[lbo-talk] Geithner Plan Mark II

Jordan Hayes jmhayes at j-o-r-d-a-n.com
Mon Mar 23 19:29:42 PDT 2009


[ Re: Legacy Loan Program ]


> The Treasury will match the equity the private hedge
> funds put in dollar for dollar. And all leveraging is
> applied will apply to both equity returns proportionately.
> So whatever upside they make, we'll make.

Well, not exactly. In the example they give (6:1 debt-to-equity, $84 auction price), each of Treasury and the private investors contributes $6 and the PPIF (nee FDIC) issues (and guarantees) debt of the remaining $72. If the final value winds up being, say, $90, then PPIF gets their $72 back, and each of Treasury and private investor get $9.

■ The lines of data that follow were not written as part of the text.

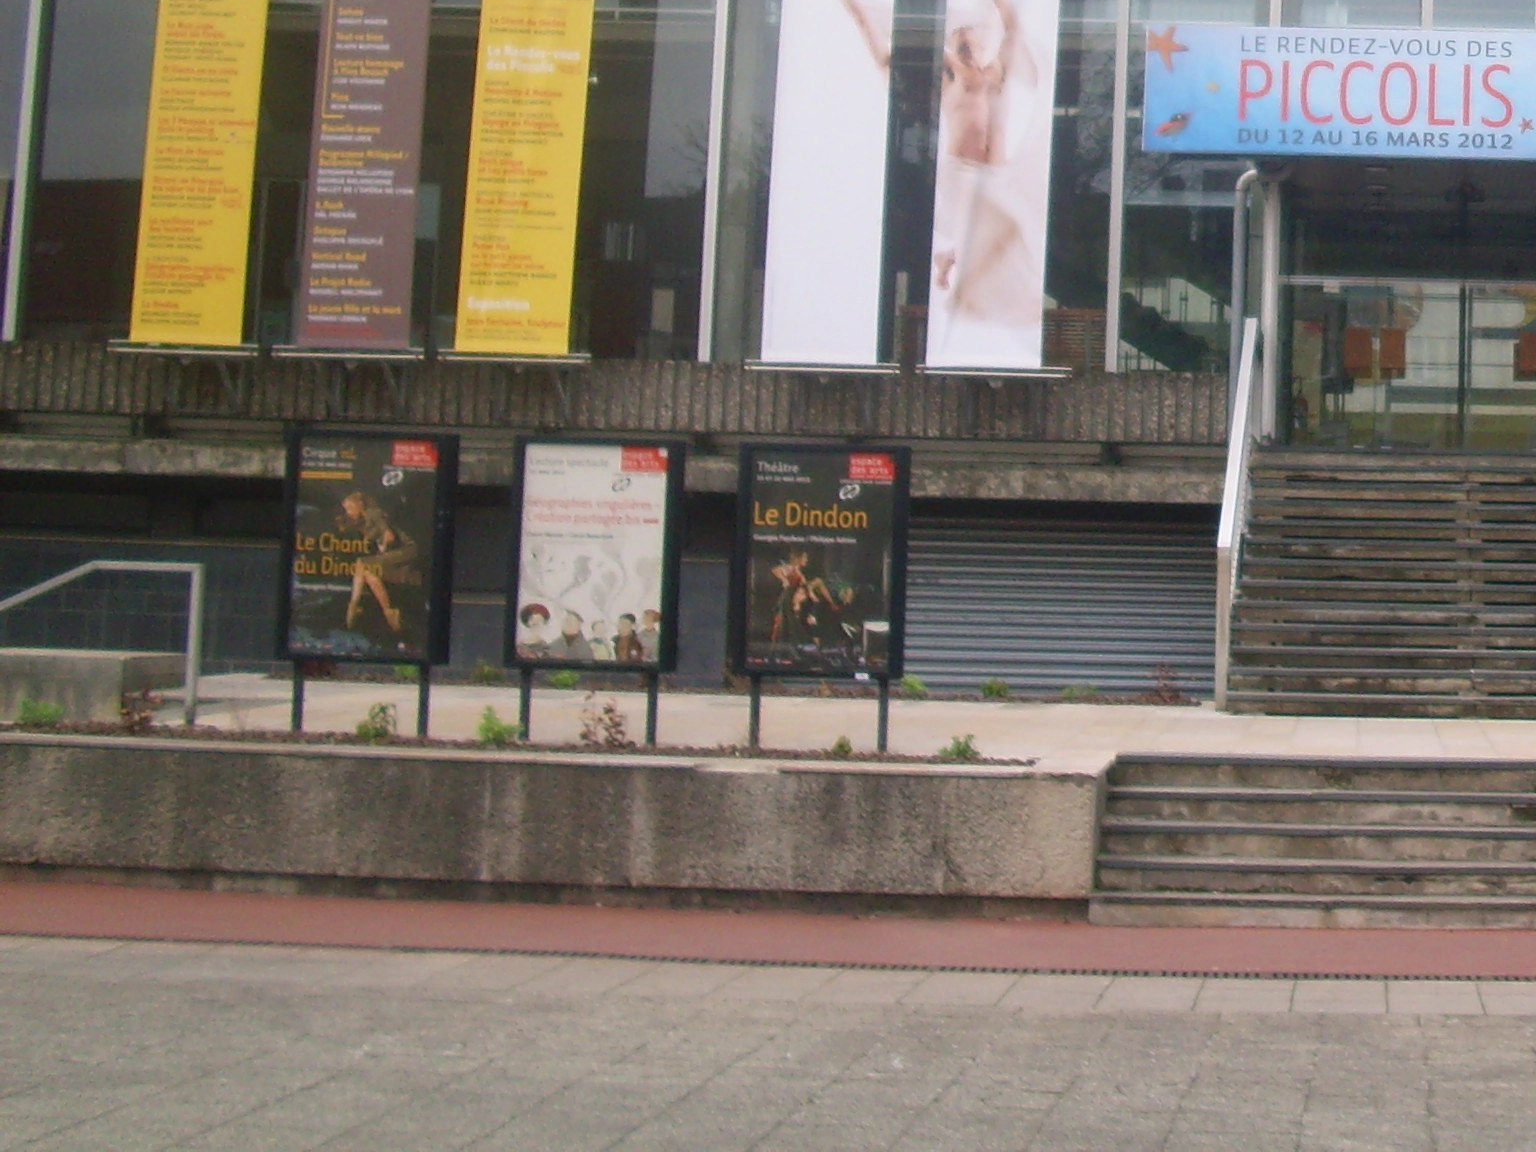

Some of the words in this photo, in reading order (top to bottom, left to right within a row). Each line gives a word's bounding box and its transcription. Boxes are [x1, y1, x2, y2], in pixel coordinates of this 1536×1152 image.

[1240, 36, 1268, 54] LE
[1276, 36, 1458, 57] RENDEZ-VOUS
[1466, 38, 1513, 58] DES
[1238, 58, 1514, 129] PICCOLIS
[1237, 128, 1270, 146] DU
[1277, 129, 1305, 146] 12
[1311, 130, 1345, 147] AU
[1351, 130, 1379, 147] 16
[1386, 131, 1450, 148] MARS
[1457, 133, 1514, 150] 2012
[757, 460, 800, 473] Théâtre
[753, 501, 780, 526] Le
[785, 501, 868, 529] Dindon
[296, 533, 315, 550] Le
[319, 533, 371, 553] Chant
[294, 554, 316, 574] du
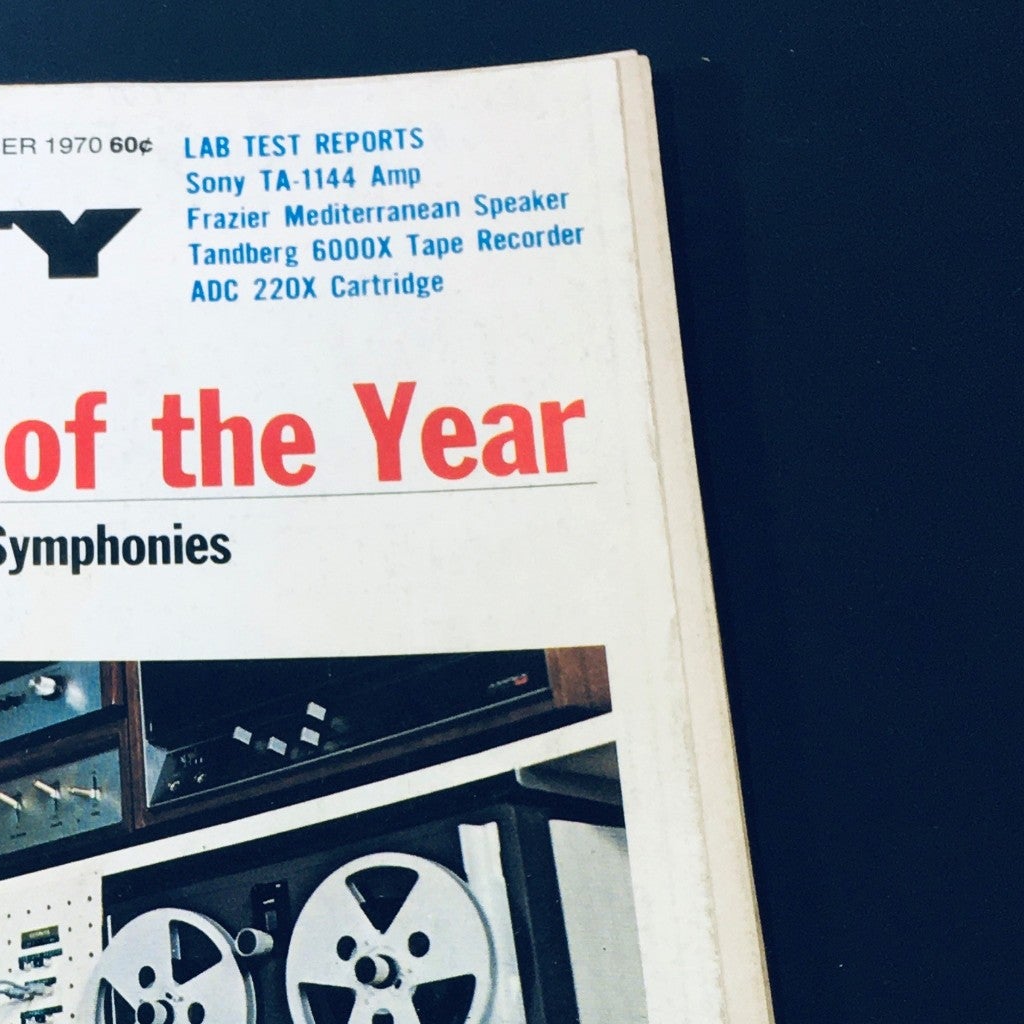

This is a 50% return for the private investor (9/6 - 1); it's a 3% return for the US government (81/78 - 1). If it winds up being $72, the private investor takes a $6 loss; the USG takes a $78 loss. If it winds up being $50, the private investor takes a $6 loss ... The USG takes a $30 loss. If by some crazy chance it all pays off $100, the private investor makes a 133% gain (14/6 -1) and the USG makes about a 10% return ...

So the leverage is significant here. All that being said, I still don't think it's a terrible plan.


> The private investors will have an incentive to bid as low
> as possible to make the most amount of money, and we'll make
> the same.

Sorta. I presume that the *high* bidder will win, but I haven't seen details of the auction yet.